Carson took Latin in high school because it was the alternative to
typing. Her Latin teacher was also conversant in ancient Greek, so
Carson took Greek lessons in her lunch hour. "Greek is one of those
things that, when you do it, you realise it's the best experience in the
world, there's no reason ever to stop. It's just some amazing
combination of the kind of puzzle-solving that goes into crosswords and
amazing literature. You think, well, they're nerds, they were born that
way. But they're not just nerds, they're all kinds of people who stumble
into this happy field of endeavour and stay there." To her parents'
alarm, she announced that she was going to pursue these two, entirely
impractical dead languages at university. "My father kept telling me to
get a marketable skill on the side. He suggested typing. He was worried
for some time. And then I got a job at Princeton and he sort of calmed
down."
If her study of Greek and Latin has affected her own
writing style, Carson suspects it is to be found in the way she makes
patterns between things. "There is something about the way that Greek
poets, say Aeschylus, use metaphor that really attracts me.
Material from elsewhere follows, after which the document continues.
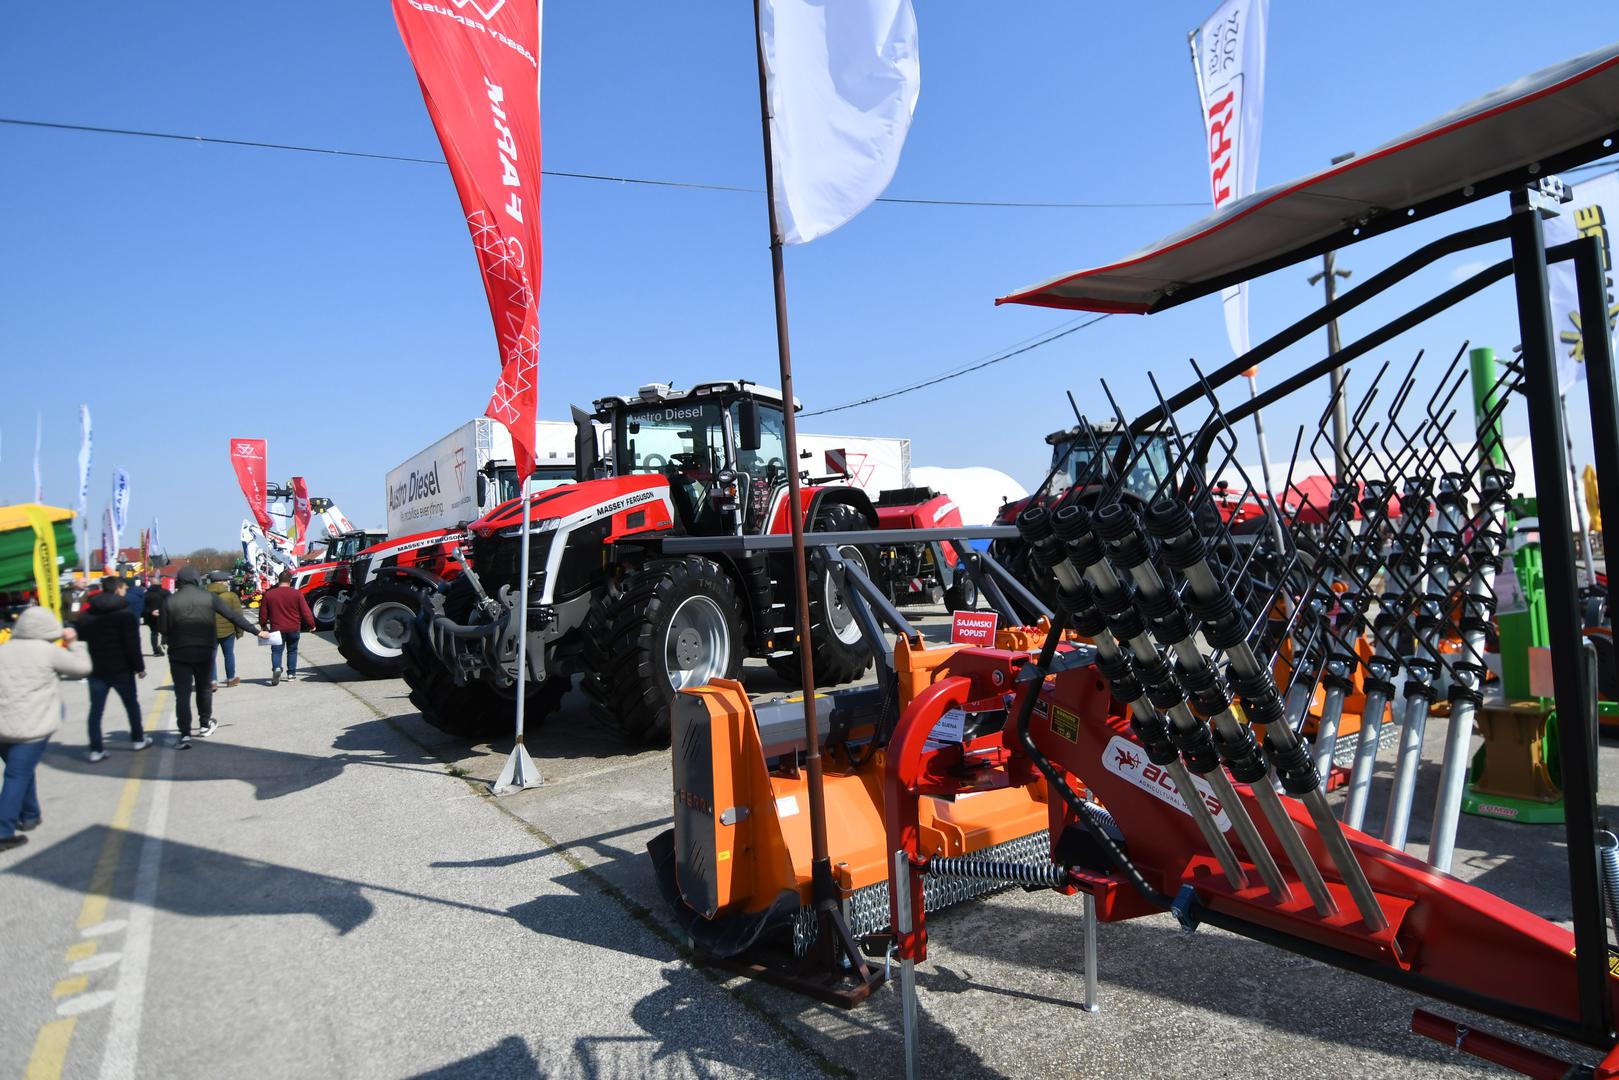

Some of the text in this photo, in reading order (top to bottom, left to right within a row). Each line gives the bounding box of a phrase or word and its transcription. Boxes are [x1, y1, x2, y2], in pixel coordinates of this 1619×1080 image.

I don't
think I can imitate it, but there's a density to it that I think I'm
always trying to push towards in English. It's a kind of compacting of
metaphor, without a concern for making sense ... it's just on the edge
of sense and on the edge of the way language should operate."
The
danger with this, and with Carson's writing, is that it drifts into
whimsy or nonsense. "It does fall apart a lot. It gets just too weird
for anyone to care about reading, or else it gets diluted into a sort of
parody of itself. Intuition is the only way to keep on the line between
them. And also focusing back on to the first time the idea came into
your head has some kind of pristine conviction that it gradually loses."
Carson returns to the actual piece of paper on which she wrote down the
beginning of the idea, usually a coffee-stained back of an envelope.
"Because there's something almost magically convincing about that piece
of paper. The same words typed on a nice clean piece of paper wouldn't
have whatever it is - fidelity, to your original thought."